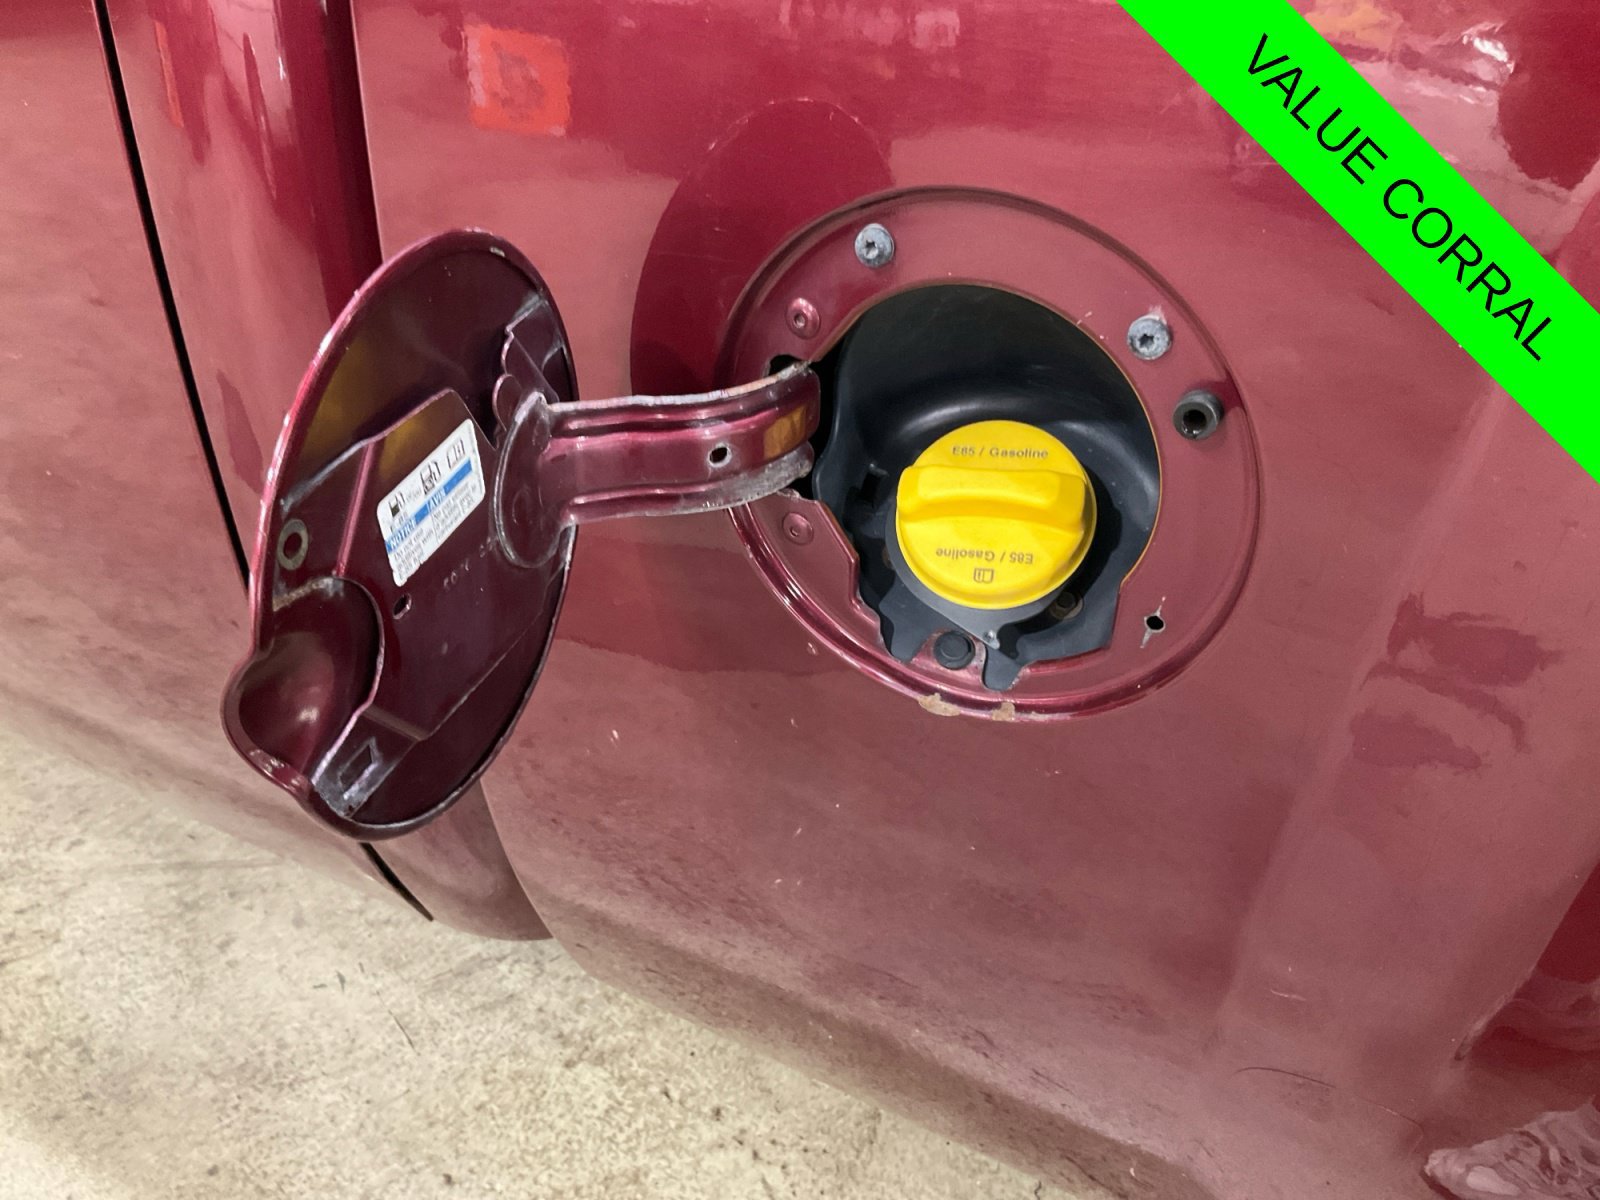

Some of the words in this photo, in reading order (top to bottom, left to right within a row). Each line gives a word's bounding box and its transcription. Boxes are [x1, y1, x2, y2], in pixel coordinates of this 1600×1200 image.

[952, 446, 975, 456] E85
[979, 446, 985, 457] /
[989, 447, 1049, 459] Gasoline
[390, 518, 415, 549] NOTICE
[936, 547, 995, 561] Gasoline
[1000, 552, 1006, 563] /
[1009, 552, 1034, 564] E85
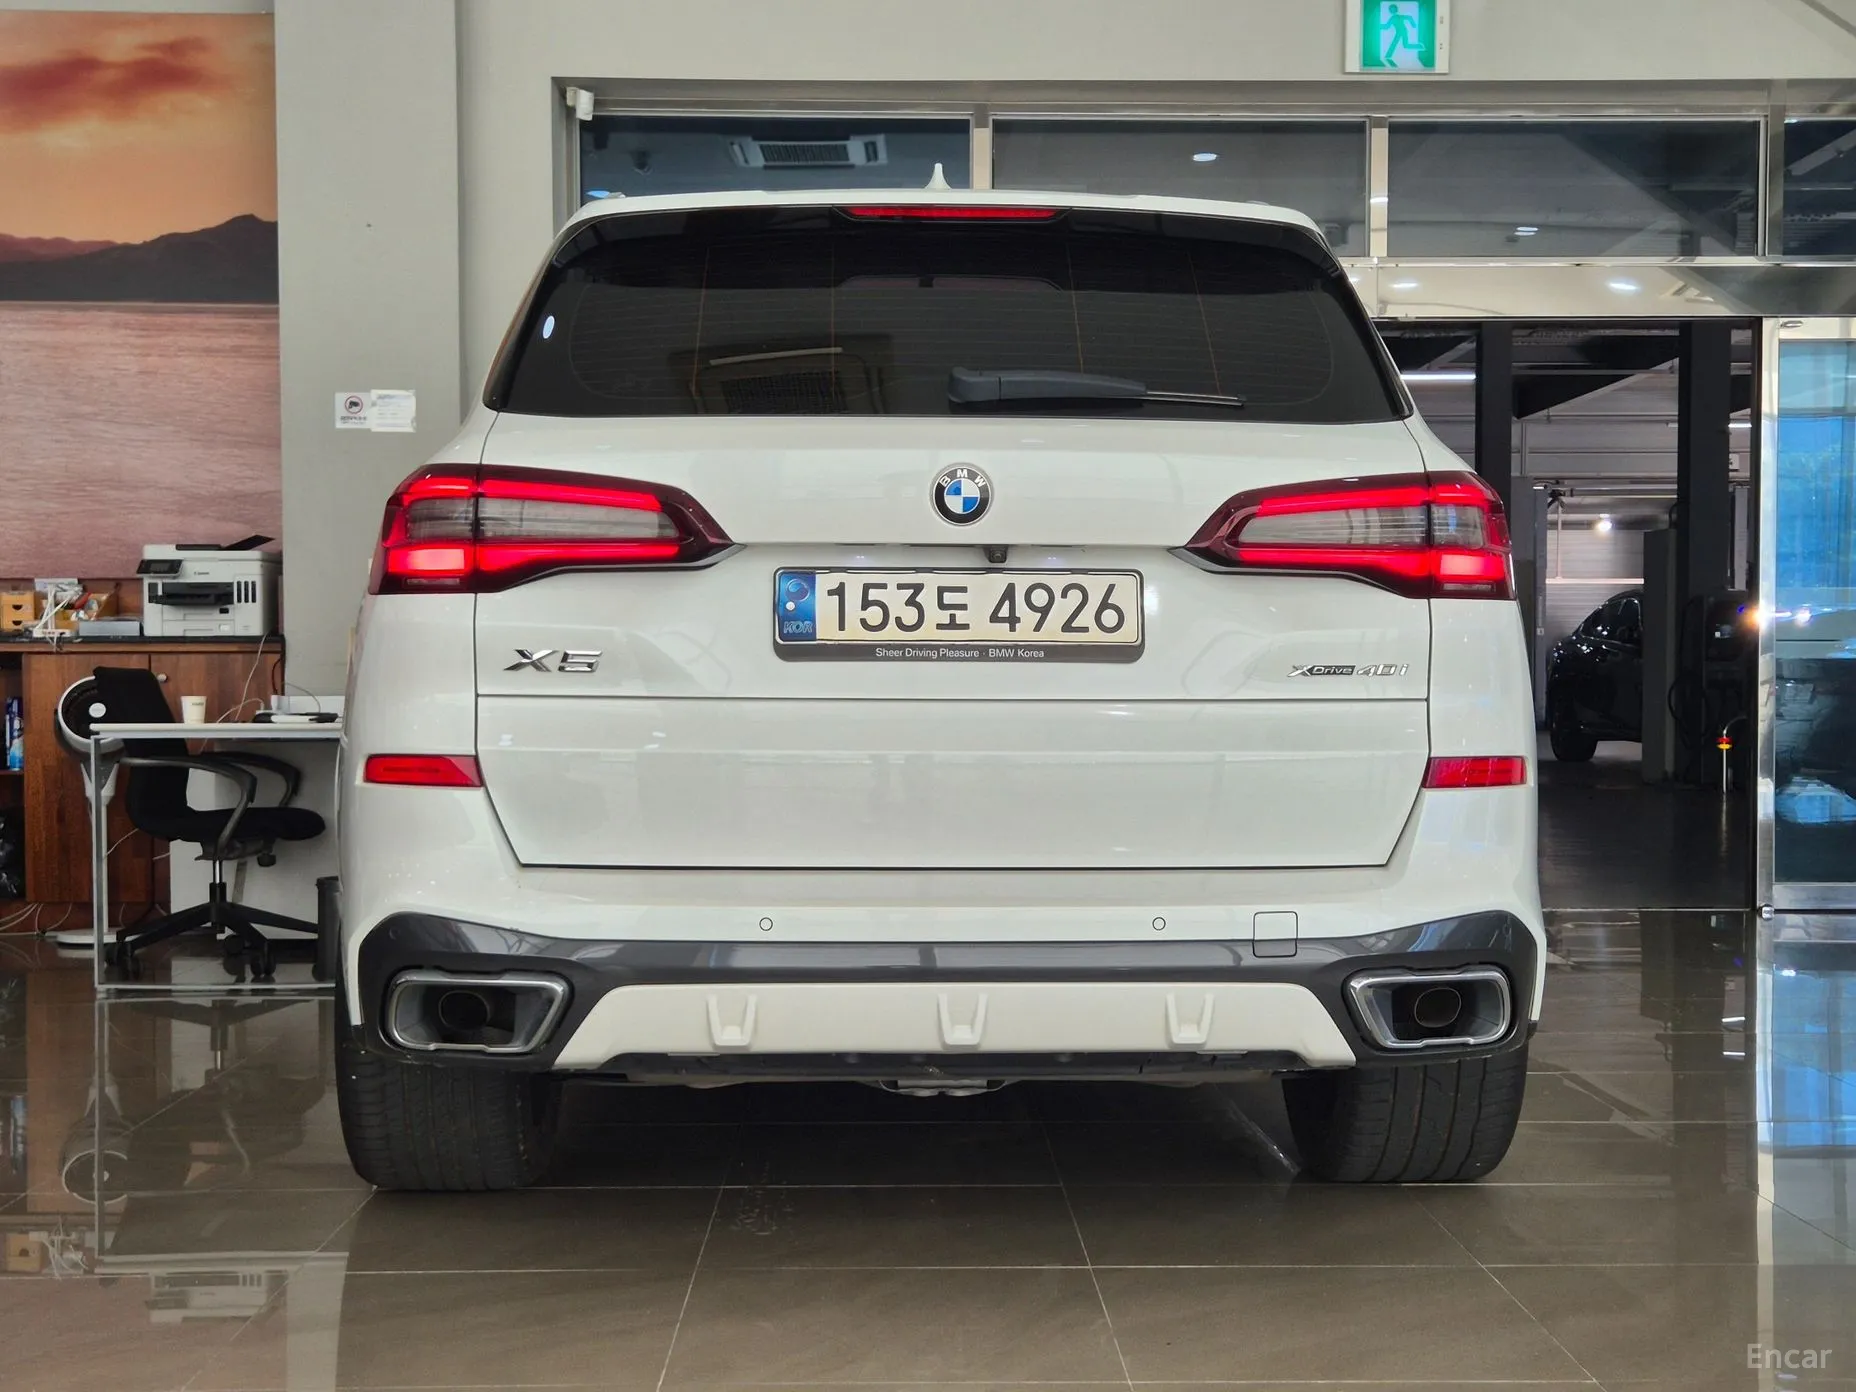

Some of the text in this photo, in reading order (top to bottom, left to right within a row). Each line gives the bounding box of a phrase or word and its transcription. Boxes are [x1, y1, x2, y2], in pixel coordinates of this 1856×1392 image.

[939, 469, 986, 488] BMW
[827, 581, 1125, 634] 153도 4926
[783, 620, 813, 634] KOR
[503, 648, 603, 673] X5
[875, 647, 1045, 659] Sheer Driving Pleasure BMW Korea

_WHAT THE TASK ASKS_. For every entry above, write it out exactly and remove any image.

_OUTPUT OF THE EXERCISE_.
Some of the words in this photo, in reading order (top to bottom, left to right within a row). Each line gives a word's bounding box and its transcription. Boxes are [x1, y1, x2, y2], in pixel coordinates of this 1600×1200 image.

[952, 446, 975, 456] E85
[979, 446, 985, 457] /
[989, 447, 1049, 459] Gasoline
[390, 518, 415, 549] NOTICE
[936, 547, 995, 561] Gasoline
[1000, 552, 1006, 563] /
[1009, 552, 1034, 564] E85

Some of the text in this photo, in reading order (top to bottom, left to right within a row). Each line gives the bounding box of a phrase or word and its transcription. Boxes are [x1, y1, x2, y2], in pixel coordinates of this 1856×1392 image.

[939, 469, 986, 488] BMW
[827, 581, 1125, 634] 153도 4926
[783, 620, 813, 634] KOR
[503, 648, 603, 673] X5
[875, 647, 1045, 659] Sheer Driving Pleasure BMW Korea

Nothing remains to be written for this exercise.